### ENTRIES SHOWN

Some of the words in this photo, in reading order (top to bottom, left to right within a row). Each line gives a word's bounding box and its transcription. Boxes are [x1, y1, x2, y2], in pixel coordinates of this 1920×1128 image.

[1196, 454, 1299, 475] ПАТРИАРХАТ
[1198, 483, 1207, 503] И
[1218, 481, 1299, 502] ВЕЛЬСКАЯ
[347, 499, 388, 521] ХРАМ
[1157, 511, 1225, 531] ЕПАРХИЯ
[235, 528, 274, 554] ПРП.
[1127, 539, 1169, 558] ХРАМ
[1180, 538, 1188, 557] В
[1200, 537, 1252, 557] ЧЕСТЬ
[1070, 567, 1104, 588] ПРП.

### EXERCISE DESCRIPTION
All of the data is to be written out again, word for word.

### REPLY TO THE TASK
Some of the words in this photo, in reading order (top to bottom, left to right within a row). Each line gives a word's bounding box and its transcription. Boxes are [x1, y1, x2, y2], in pixel coordinates of this 1920×1128 image.

[1196, 454, 1299, 475] ПАТРИАРХАТ
[1198, 483, 1207, 503] И
[1218, 481, 1299, 502] ВЕЛЬСКАЯ
[347, 499, 388, 521] ХРАМ
[1157, 511, 1225, 531] ЕПАРХИЯ
[235, 528, 274, 554] ПРП.
[1127, 539, 1169, 558] ХРАМ
[1180, 538, 1188, 557] В
[1200, 537, 1252, 557] ЧЕСТЬ
[1070, 567, 1104, 588] ПРП.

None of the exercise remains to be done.